● Exercise: Copy all records verbatim, images excluded.

● Dataset entries:
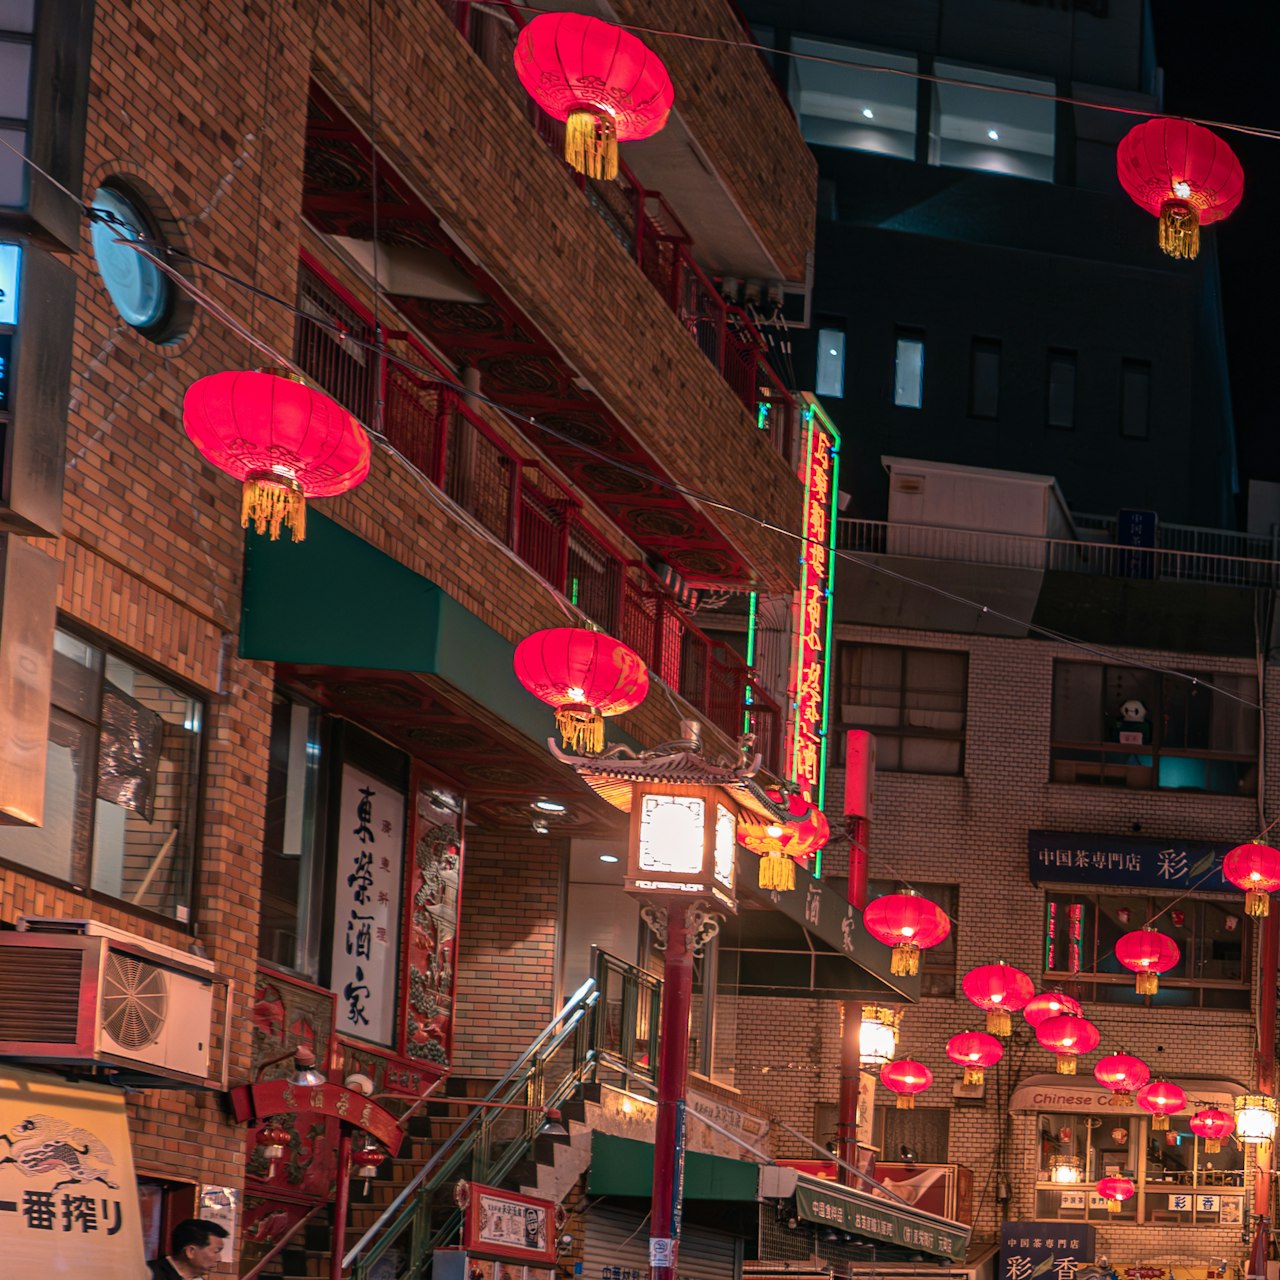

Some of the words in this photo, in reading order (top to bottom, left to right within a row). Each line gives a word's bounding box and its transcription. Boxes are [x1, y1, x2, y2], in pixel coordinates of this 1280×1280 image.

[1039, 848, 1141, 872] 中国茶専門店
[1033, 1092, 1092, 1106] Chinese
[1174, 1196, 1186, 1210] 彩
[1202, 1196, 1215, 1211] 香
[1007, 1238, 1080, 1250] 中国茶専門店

● Reply to the task:
Some of the words in this photo, in reading order (top to bottom, left to right within a row). Each line gives a word's bounding box and its transcription. Boxes are [x1, y1, x2, y2], in pixel coordinates of this 1280×1280 image.

[1039, 848, 1141, 872] 中国茶専門店
[1033, 1092, 1092, 1106] Chinese
[1174, 1196, 1186, 1210] 彩
[1202, 1196, 1215, 1211] 香
[1007, 1238, 1080, 1250] 中国茶専門店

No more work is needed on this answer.